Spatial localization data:
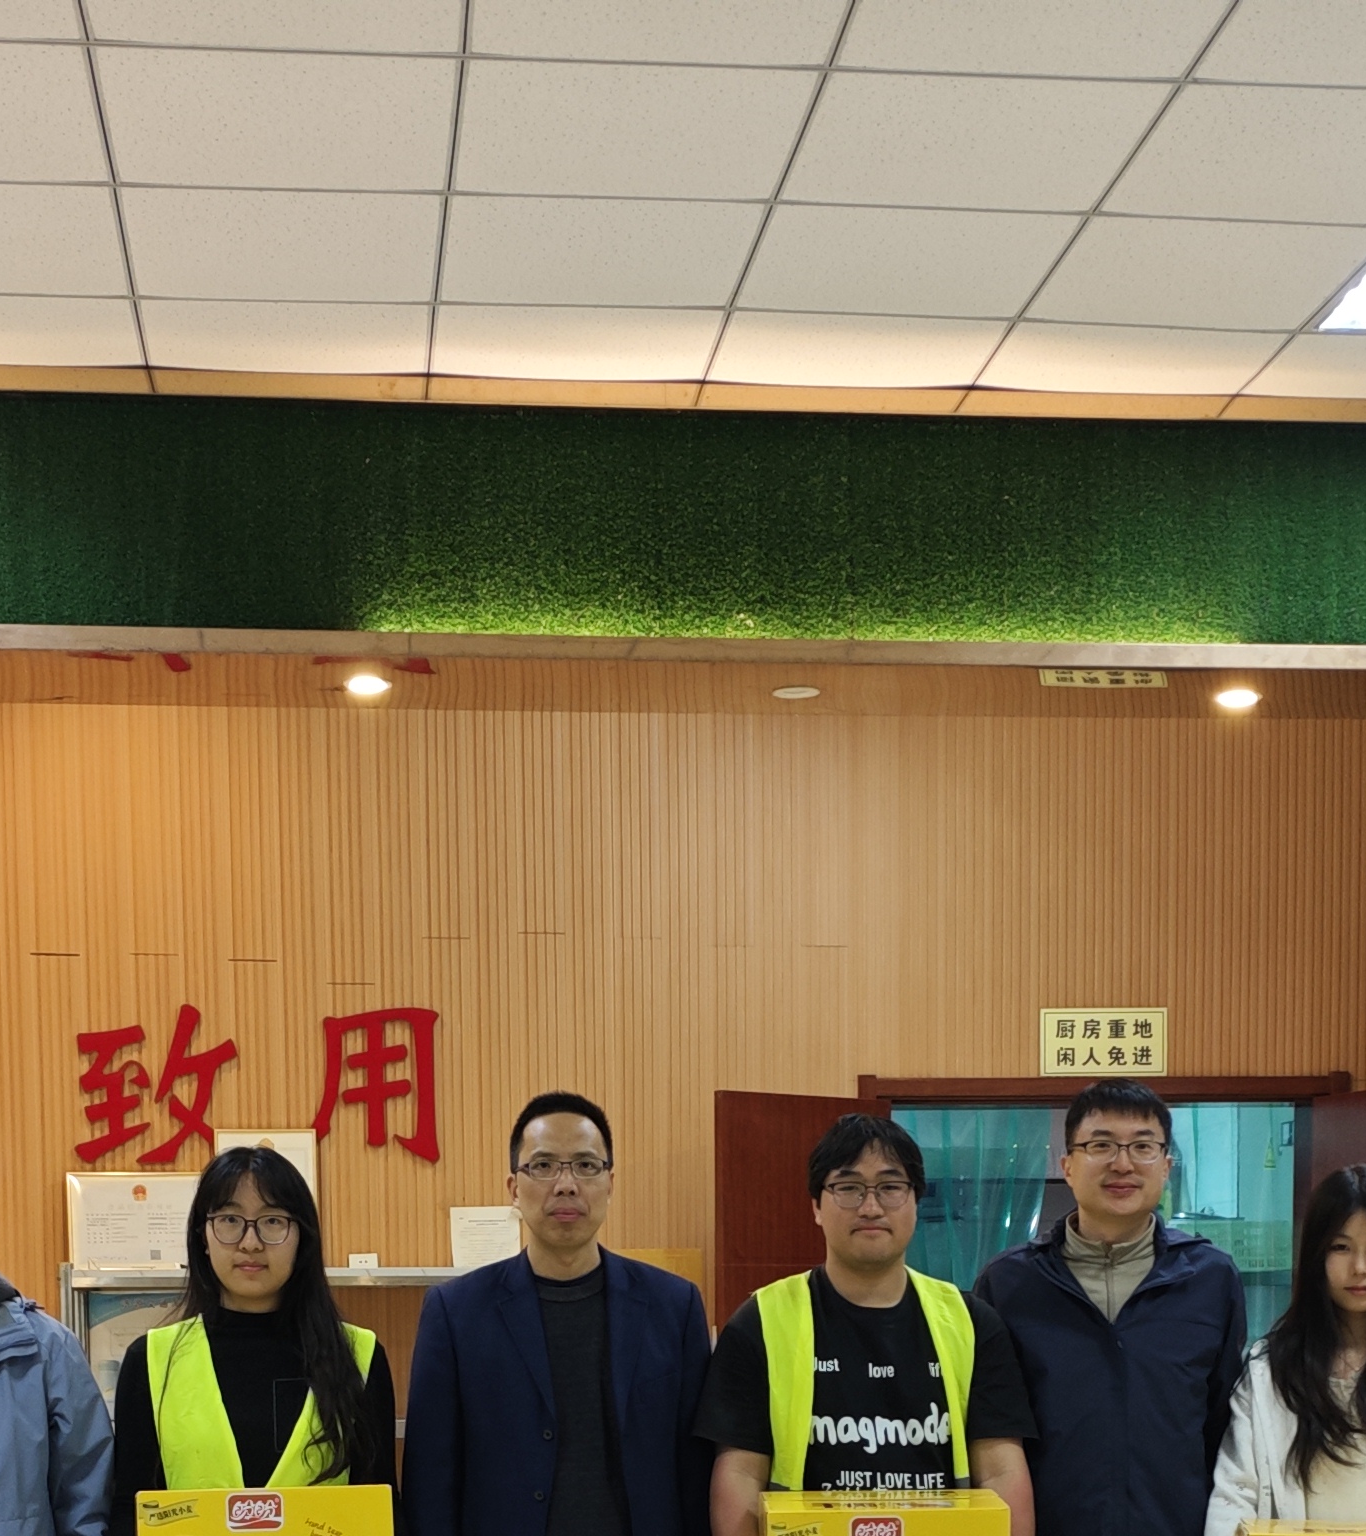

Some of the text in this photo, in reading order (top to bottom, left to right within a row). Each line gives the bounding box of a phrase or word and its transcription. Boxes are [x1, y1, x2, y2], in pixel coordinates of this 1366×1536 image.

[1056, 1018, 1153, 1040] 厨房重地
[1056, 1046, 1153, 1067] 闲人免进
[868, 1362, 895, 1378] love
[928, 1361, 943, 1378] lif
[835, 1470, 873, 1488] JUST
[876, 1471, 913, 1490] LOVE
[916, 1472, 946, 1490] LIFE
[230, 1499, 278, 1521] 盼盼
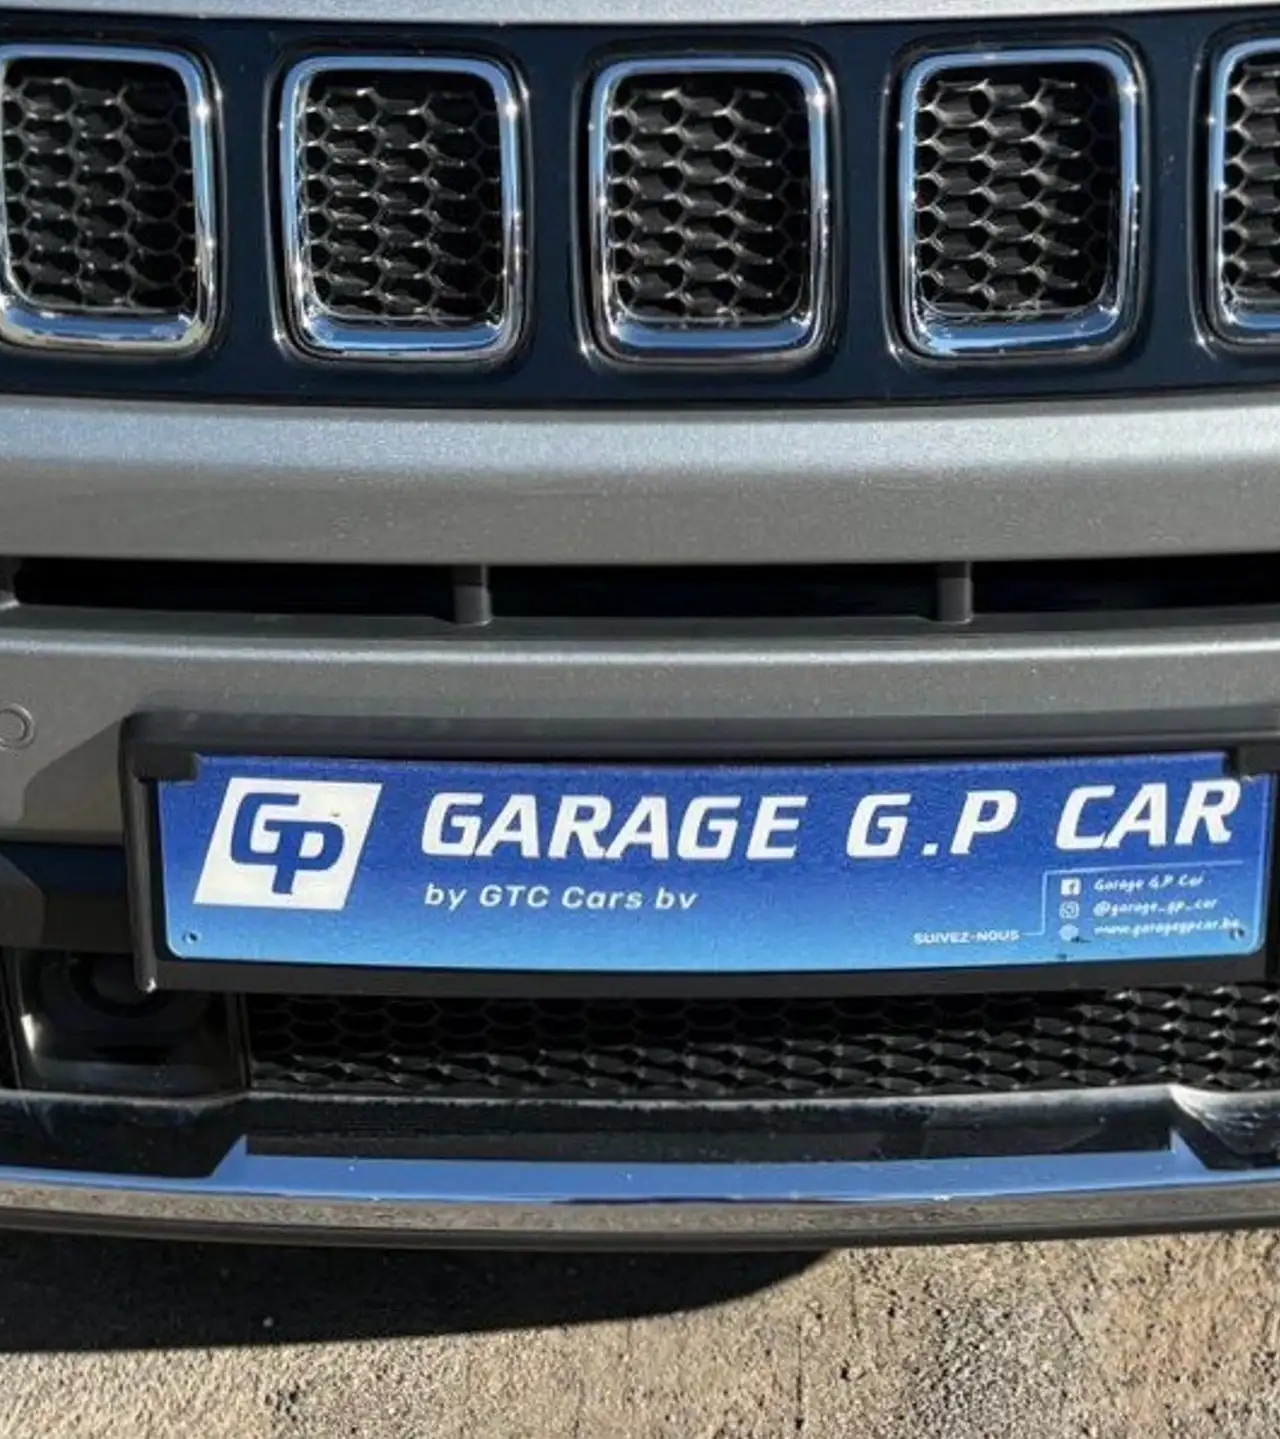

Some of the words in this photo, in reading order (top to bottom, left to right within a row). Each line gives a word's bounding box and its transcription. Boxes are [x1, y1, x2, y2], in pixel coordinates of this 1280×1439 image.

[421, 791, 806, 860] GARAGE
[846, 789, 1017, 858] G.P
[1056, 778, 1241, 851] CAR
[424, 883, 466, 913] by
[478, 885, 550, 908] GTC
[561, 885, 643, 910] Cars
[655, 886, 698, 910] bv
[913, 929, 1020, 946] SUIVEZ-NOUS
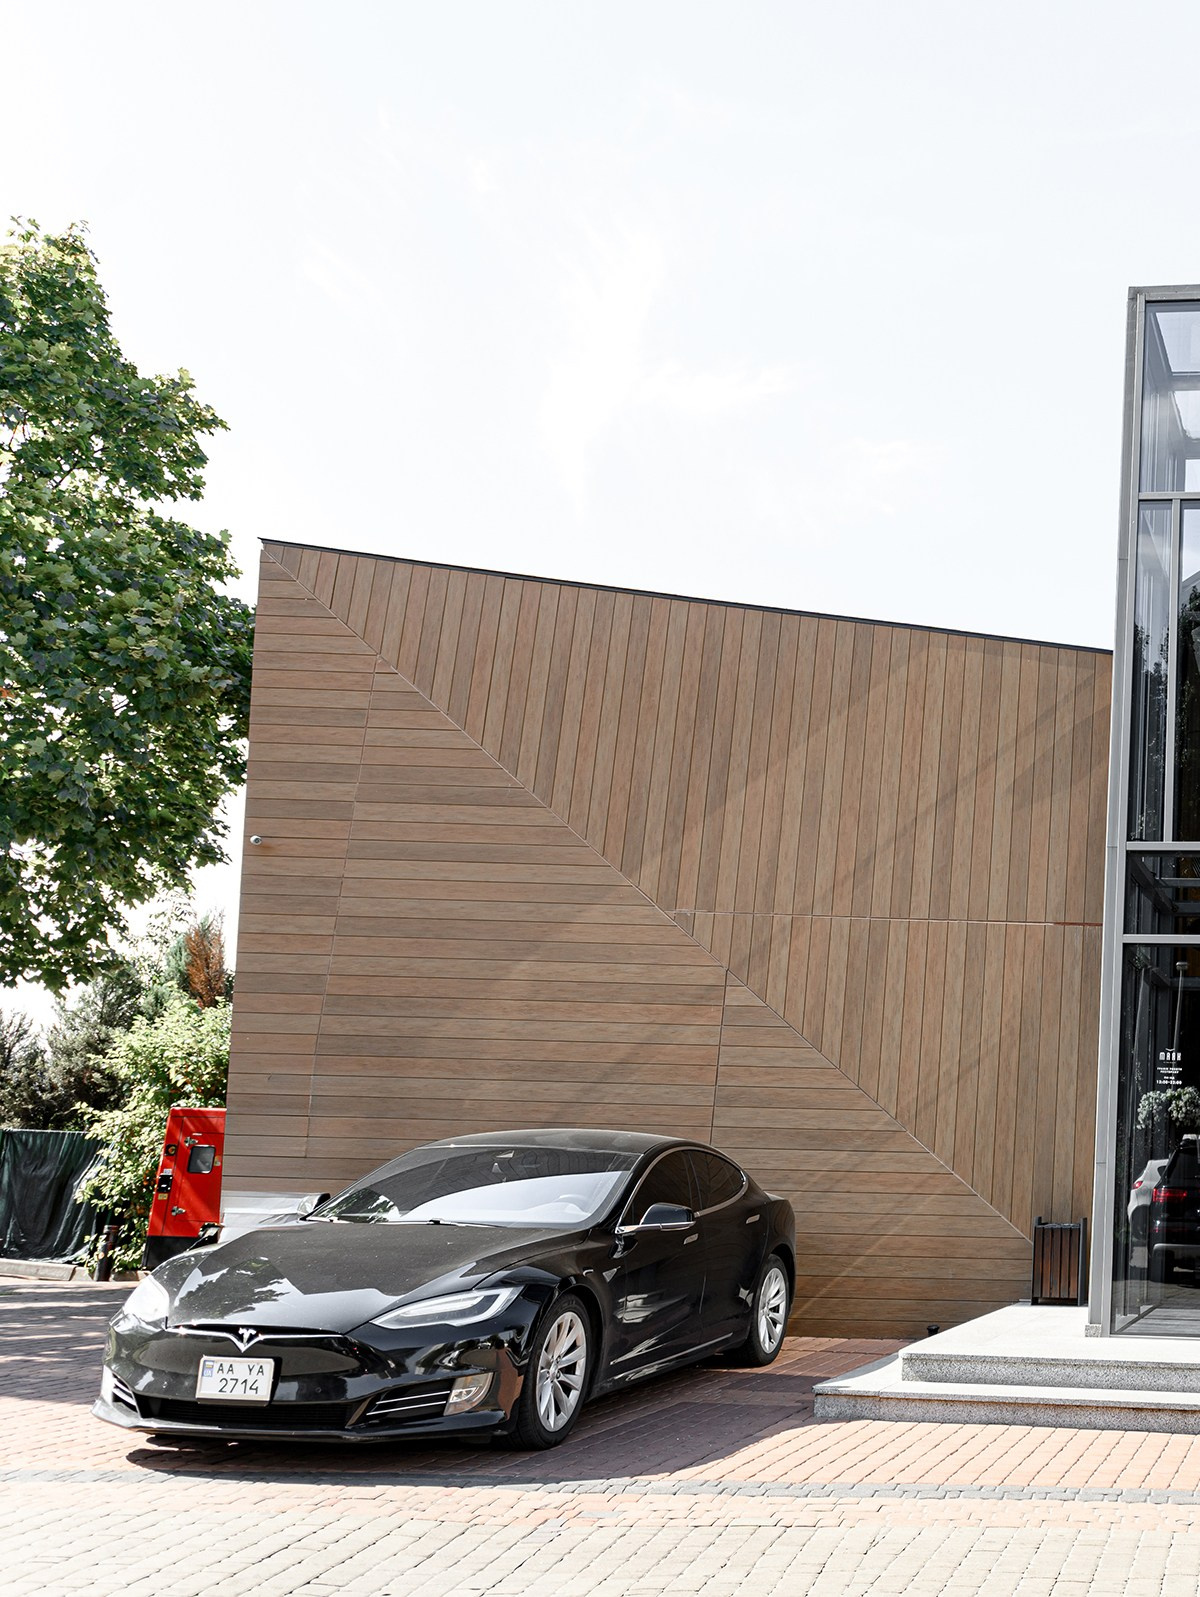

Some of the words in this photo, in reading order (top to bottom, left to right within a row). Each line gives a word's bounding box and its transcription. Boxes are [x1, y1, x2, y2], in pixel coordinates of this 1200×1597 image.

[217, 1363, 234, 1375] AA
[247, 1364, 264, 1376] YA
[218, 1377, 259, 1395] 2714

▸ **Task statement**: Only the lines from the one containing "this 1200×1597 image." through the final line above should be duplicated, exactly as they stand.

▸ **Finished task**:
Some of the words in this photo, in reading order (top to bottom, left to right within a row). Each line gives a word's bounding box and its transcription. Boxes are [x1, y1, x2, y2], in pixel coordinates of this 1200×1597 image.

[217, 1363, 234, 1375] AA
[247, 1364, 264, 1376] YA
[218, 1377, 259, 1395] 2714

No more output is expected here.